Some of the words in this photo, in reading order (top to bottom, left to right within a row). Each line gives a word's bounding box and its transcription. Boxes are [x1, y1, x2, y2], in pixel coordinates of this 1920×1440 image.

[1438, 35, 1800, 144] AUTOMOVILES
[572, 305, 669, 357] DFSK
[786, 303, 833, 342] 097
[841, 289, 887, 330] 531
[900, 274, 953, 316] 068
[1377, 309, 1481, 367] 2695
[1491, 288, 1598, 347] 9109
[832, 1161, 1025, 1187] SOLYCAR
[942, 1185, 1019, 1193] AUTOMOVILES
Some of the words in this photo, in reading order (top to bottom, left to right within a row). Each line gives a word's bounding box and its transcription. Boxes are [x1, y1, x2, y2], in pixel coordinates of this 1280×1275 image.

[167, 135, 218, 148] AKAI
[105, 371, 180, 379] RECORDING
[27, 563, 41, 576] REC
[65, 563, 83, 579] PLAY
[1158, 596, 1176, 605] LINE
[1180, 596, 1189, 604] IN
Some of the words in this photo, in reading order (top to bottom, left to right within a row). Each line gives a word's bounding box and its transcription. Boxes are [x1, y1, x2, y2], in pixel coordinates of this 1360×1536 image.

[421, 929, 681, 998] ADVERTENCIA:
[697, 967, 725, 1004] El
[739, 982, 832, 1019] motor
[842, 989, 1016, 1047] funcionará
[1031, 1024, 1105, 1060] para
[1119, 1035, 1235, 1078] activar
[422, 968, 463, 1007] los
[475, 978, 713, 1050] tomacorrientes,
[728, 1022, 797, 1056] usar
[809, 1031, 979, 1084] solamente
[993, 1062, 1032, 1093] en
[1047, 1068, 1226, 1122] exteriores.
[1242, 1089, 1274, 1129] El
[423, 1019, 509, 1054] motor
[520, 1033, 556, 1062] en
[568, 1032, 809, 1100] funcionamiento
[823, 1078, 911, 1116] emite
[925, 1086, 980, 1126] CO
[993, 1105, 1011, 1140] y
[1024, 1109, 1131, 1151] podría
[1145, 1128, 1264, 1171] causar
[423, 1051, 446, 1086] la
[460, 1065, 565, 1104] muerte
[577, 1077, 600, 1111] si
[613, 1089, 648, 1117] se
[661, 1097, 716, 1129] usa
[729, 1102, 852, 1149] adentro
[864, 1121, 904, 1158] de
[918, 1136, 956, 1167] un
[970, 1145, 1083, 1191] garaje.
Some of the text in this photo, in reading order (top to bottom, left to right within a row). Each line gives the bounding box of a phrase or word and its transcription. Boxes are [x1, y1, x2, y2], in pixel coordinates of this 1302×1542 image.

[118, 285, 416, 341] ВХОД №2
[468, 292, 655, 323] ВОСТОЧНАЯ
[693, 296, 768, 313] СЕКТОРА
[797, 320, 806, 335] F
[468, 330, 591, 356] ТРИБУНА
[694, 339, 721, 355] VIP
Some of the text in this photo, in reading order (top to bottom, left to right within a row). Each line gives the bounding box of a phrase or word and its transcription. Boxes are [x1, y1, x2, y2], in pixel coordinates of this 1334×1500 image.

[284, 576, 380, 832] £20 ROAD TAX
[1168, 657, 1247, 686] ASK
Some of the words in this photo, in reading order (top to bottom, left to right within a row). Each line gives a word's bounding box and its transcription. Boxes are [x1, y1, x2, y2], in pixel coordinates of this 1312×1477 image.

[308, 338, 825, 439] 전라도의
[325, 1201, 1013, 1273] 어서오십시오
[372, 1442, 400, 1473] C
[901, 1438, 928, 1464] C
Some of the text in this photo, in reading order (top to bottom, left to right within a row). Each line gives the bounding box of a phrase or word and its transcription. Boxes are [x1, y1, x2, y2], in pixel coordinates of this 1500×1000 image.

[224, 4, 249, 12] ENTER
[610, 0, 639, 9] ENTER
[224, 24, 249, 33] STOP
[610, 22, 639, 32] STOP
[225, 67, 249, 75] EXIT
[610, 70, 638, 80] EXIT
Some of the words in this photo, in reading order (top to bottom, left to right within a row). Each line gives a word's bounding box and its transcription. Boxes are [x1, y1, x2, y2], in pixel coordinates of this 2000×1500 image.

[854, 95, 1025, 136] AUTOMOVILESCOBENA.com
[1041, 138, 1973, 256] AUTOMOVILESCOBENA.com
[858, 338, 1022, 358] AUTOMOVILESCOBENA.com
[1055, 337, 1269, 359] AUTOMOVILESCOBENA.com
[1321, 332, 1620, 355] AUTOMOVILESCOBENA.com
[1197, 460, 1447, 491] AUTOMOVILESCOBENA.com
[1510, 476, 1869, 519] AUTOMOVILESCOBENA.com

Work task:
Give the entries once more, exactly as they appear.

Exercise result:
Some of the words in this photo, in reading order (top to bottom, left to right within a row). Each line gives a word's bounding box and its transcription. Boxes are [x1, y1, x2, y2], in pixel coordinates of this 1920×1440 image.

[1438, 35, 1800, 144] AUTOMOVILES
[572, 305, 669, 357] DFSK
[786, 303, 833, 342] 097
[841, 289, 887, 330] 531
[900, 274, 953, 316] 068
[1377, 309, 1481, 367] 2695
[1491, 288, 1598, 347] 9109
[832, 1161, 1025, 1187] SOLYCAR
[942, 1185, 1019, 1193] AUTOMOVILES
Some of the words in this photo, in reading order (top to bottom, left to right within a row). Each line gives a word's bounding box and its transcription. Boxes are [x1, y1, x2, y2], in pixel coordinates of this 1280×1275 image.

[167, 135, 218, 148] AKAI
[105, 371, 180, 379] RECORDING
[27, 563, 41, 576] REC
[65, 563, 83, 579] PLAY
[1158, 596, 1176, 605] LINE
[1180, 596, 1189, 604] IN
Some of the words in this photo, in reading order (top to bottom, left to right within a row). Each line gives a word's bounding box and its transcription. Boxes are [x1, y1, x2, y2], in pixel coordinates of this 1360×1536 image.

[421, 929, 681, 998] ADVERTENCIA:
[697, 967, 725, 1004] El
[739, 982, 832, 1019] motor
[842, 989, 1016, 1047] funcionará
[1031, 1024, 1105, 1060] para
[1119, 1035, 1235, 1078] activar
[422, 968, 463, 1007] los
[475, 978, 713, 1050] tomacorrientes,
[728, 1022, 797, 1056] usar
[809, 1031, 979, 1084] solamente
[993, 1062, 1032, 1093] en
[1047, 1068, 1226, 1122] exteriores.
[1242, 1089, 1274, 1129] El
[423, 1019, 509, 1054] motor
[520, 1033, 556, 1062] en
[568, 1032, 809, 1100] funcionamiento
[823, 1078, 911, 1116] emite
[925, 1086, 980, 1126] CO
[993, 1105, 1011, 1140] y
[1024, 1109, 1131, 1151] podría
[1145, 1128, 1264, 1171] causar
[423, 1051, 446, 1086] la
[460, 1065, 565, 1104] muerte
[577, 1077, 600, 1111] si
[613, 1089, 648, 1117] se
[661, 1097, 716, 1129] usa
[729, 1102, 852, 1149] adentro
[864, 1121, 904, 1158] de
[918, 1136, 956, 1167] un
[970, 1145, 1083, 1191] garaje.
Some of the text in this photo, in reading order (top to bottom, left to right within a row). Each line gives the bounding box of a phrase or word and its transcription. Boxes are [x1, y1, x2, y2], in pixel coordinates of this 1302×1542 image.

[118, 285, 416, 341] ВХОД №2
[468, 292, 655, 323] ВОСТОЧНАЯ
[693, 296, 768, 313] СЕКТОРА
[797, 320, 806, 335] F
[468, 330, 591, 356] ТРИБУНА
[694, 339, 721, 355] VIP
Some of the text in this photo, in reading order (top to bottom, left to right within a row). Each line gives the bounding box of a phrase or word and its transcription. Boxes are [x1, y1, x2, y2], in pixel coordinates of this 1334×1500 image.

[284, 576, 380, 832] £20 ROAD TAX
[1168, 657, 1247, 686] ASK
Some of the words in this photo, in reading order (top to bottom, left to right within a row). Each line gives a word's bounding box and its transcription. Boxes are [x1, y1, x2, y2], in pixel coordinates of this 1312×1477 image.

[308, 338, 825, 439] 전라도의
[325, 1201, 1013, 1273] 어서오십시오
[372, 1442, 400, 1473] C
[901, 1438, 928, 1464] C
Some of the text in this photo, in reading order (top to bottom, left to right within a row). Each line gives the bounding box of a phrase or word and its transcription. Boxes are [x1, y1, x2, y2], in pixel coordinates of this 1500×1000 image.

[224, 4, 249, 12] ENTER
[610, 0, 639, 9] ENTER
[224, 24, 249, 33] STOP
[610, 22, 639, 32] STOP
[225, 67, 249, 75] EXIT
[610, 70, 638, 80] EXIT
Some of the words in this photo, in reading order (top to bottom, left to right within a row). Each line gives a word's bounding box and its transcription. Boxes are [x1, y1, x2, y2], in pixel coordinates of this 2000×1500 image.

[854, 95, 1025, 136] AUTOMOVILESCOBENA.com
[1041, 138, 1973, 256] AUTOMOVILESCOBENA.com
[858, 338, 1022, 358] AUTOMOVILESCOBENA.com
[1055, 337, 1269, 359] AUTOMOVILESCOBENA.com
[1321, 332, 1620, 355] AUTOMOVILESCOBENA.com
[1197, 460, 1447, 491] AUTOMOVILESCOBENA.com
[1510, 476, 1869, 519] AUTOMOVILESCOBENA.com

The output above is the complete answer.